3. **Overall Economic Impact**
   - **Random Assignment**: Mean expenditure = **$43,618.77**, Total expenditure = **$43.62 billion**  
   - **T-Learner Targeting**: Mean expenditure = **$47,822.22**, Total expenditure = **$47.82 billion**  
   - **Comparison**: The T-learner method results in an **increase of $4,203.45 in mean expenditure** and a **higher total expenditure by $4.2 billion**, indicating a more efficient allocation of resources. 

However, it is worth noting that while the **T-learner approach significantly increases expenditure within the treatment group**, the overall impact on the entire economy is comparatively smaller. The total expenditure only increased by **$4 billion**, which, while meaningful, is not as dramatic as the difference seen within the treated group.  

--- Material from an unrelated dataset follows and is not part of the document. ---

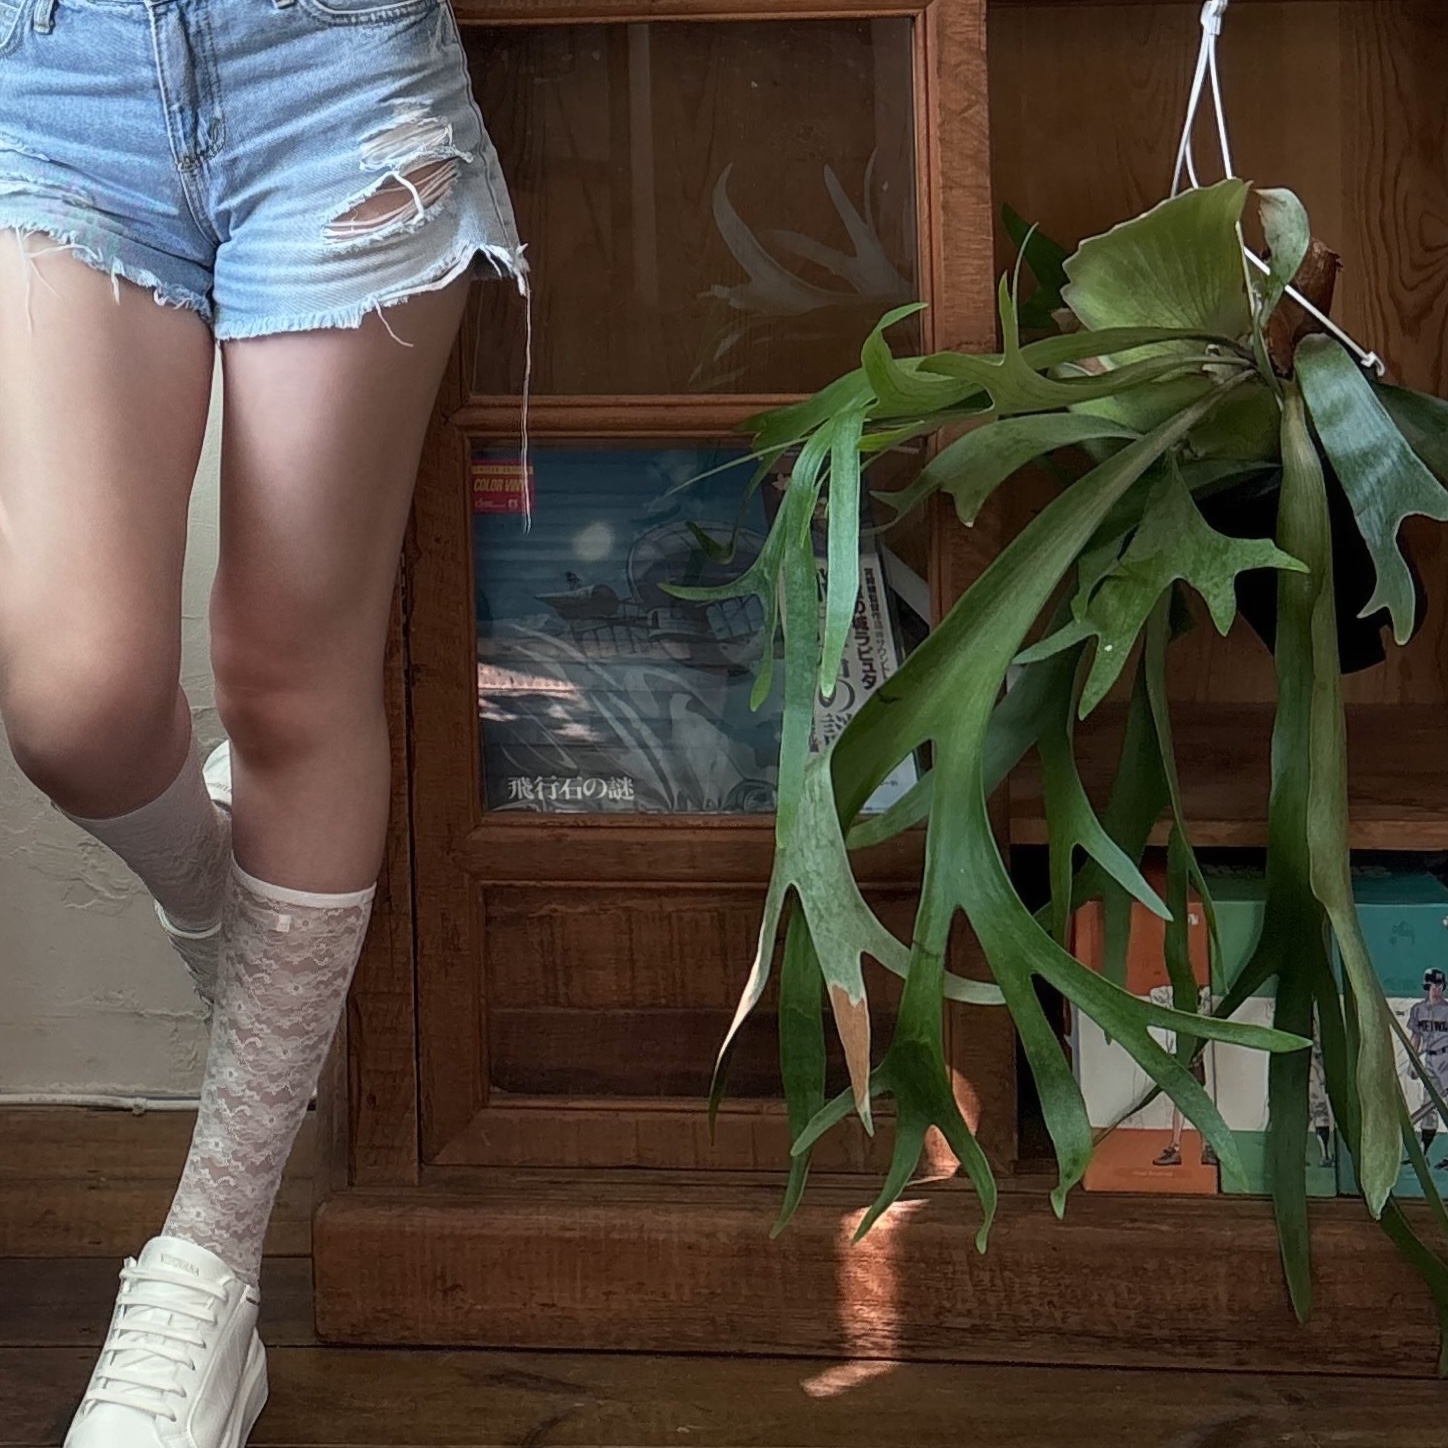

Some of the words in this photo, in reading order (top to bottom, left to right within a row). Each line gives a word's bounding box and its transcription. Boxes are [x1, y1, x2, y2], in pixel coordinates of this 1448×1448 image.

If we were to **scale the program to a larger population**, the impact might become more substantial. However, this also brings up an important policy consideration: **fairness vs. equity**. **Randomized assignment** is often seen as a **fair** approach since everyone has an equal chance of receiving the treatment. On the other hand, the **T-learner method prioritizes those most likely to benefit**, making it a **more equitable** strategy, as resources are allocated where they can create the most impact.  

Ultimately, the choice between these approaches depends on the policy goal: **maximizing overall impact (T-learner) vs. ensuring equal access (random assignment).**

### **Conclusion**
The **T-learner approach** outperforms **random assignment** by targeting individuals who are expected to benefit the most from treatment. This leads to a **higher mean expenditure per treated individual** and a **greater overall economic impact**. By prioritizing those with the highest predicted treatment effect, the program can maximize its effectiveness while using the same budget constraints.